社説
地域医療連携/行政の枠超えた視点も必要
医師不足に起因する地域医療の崩壊が進行している。これまで指摘されていた産婦人科や小児科にとどまらず、内科系の診療科でも休止・閉鎖を余儀なくされる医療機関が東北で相次いでいる。一定水準の医療サービスを提供していくには、もはや個別の病院、地域の対応では限界がある。
診療科別や患者の症状に応じた役割分担をはじめ広域的な取り組みが求められる中、新潟を含めた東北7県の医療機関の有志による「東北7県医療連携実務者会議」が設立された。
近年、現状に危機感を抱いた現場が結束し、2次医療圏単位では同様の組織が各地で発足している。東北でも「仙塩ベイエリアネットワーク実務者協議会」(宮城県)「山形さくらんぼネットワーク」(山形県)などが活動しているが、県境を越えた組織は全国的にも珍しい。
7県実務者会議は当面、情報交換と担当者のネットワーク構築に活動の主眼を置いている。将来的には国や自治体に対する政策提言も視野に入れており、行政の枠にとらわれない連携の土台づくりにつなげたい。
東北各県は問題解決の出発点となる医師確保に努めているが、なかなか実効は上がっていない。大都市圏を除くと全国的に医師の絶対数が不足しているためだ。地域格差に加え、診療科間の差も拡大している。
県単位の医師配置システムも崩れかけている。拠点病院については長年、各県にある大学医学部・医大が医師派遣の主体を担ってきた。2004年度に新たな臨床研修制度が導入されて以降、研修先に大学病院を選ぶ研修医は減少。大学側は各病院から殺到する派遣依頼に応じきれなくなり、逆に医師を引き揚げるケースさえ目立っている。
限られた医療資源を有効活用するため、各県は医師を拠点病院に集中させる集約化を進めているが、「医療過疎」を招いている側面も否定できない。地元の病院から診療科が消え、隣接する医療圏に通わざるを得なくなった患者は少なくない。
結果として高度な医療以外でも、県境をまたいで受診する患者が出ている。例えば宮城県と岩手県。気仙沼地域と大船渡地域では、それぞれ拠点病院が診療科によって県外の患者を受け入れている。栗原地域の住民が一関地域の病院に通院することは以前から珍しくなかった。

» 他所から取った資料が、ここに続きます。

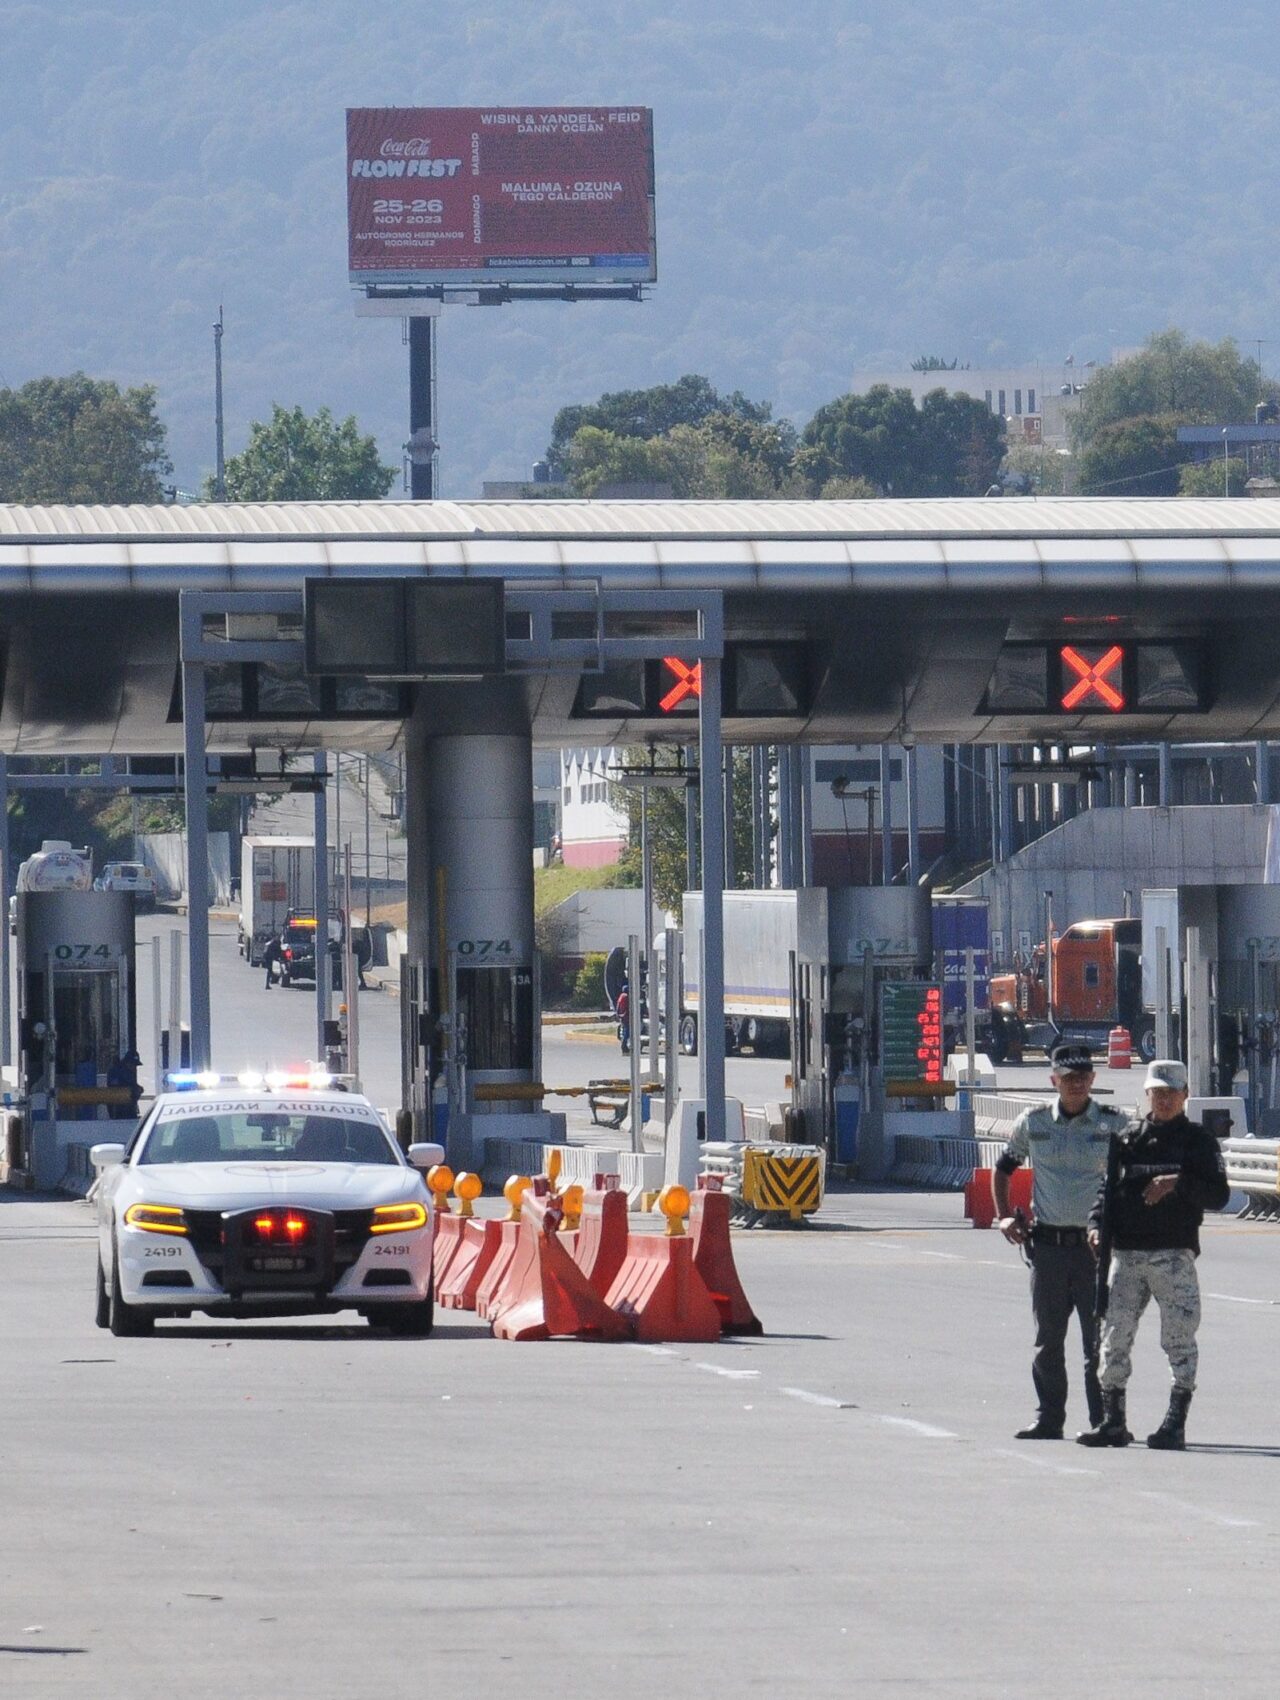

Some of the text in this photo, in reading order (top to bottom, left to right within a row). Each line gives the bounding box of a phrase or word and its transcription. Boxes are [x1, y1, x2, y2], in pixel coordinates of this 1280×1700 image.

[481, 112, 641, 124] WISIN & YANDEL FEID
[518, 124, 603, 133] DANNY OCEAN
[352, 159, 462, 178] FLOW FEST
[502, 182, 623, 192] MALUMA OZUNA
[512, 192, 544, 200] TEGO
[373, 199, 443, 213] 25-26
[374, 215, 442, 224] NOV 2023
[55, 944, 112, 959] 074
[458, 940, 512, 955] 074
[144, 1247, 182, 1257] 24191
[375, 1245, 410, 1256] 24191

地域医療の問題が、県レベルの発想だけで解決できないのは明らかだ。各県の地域医療計画にはそろって独自の医師確保対策や医療圏連携が盛り込まれているが、隣県との関係強化などにはあまり踏み込んでいない。7県実務者会議のような現場からの声を吸い上げ、より広域的な視点での連携を行政も模索すべき時期に来ている。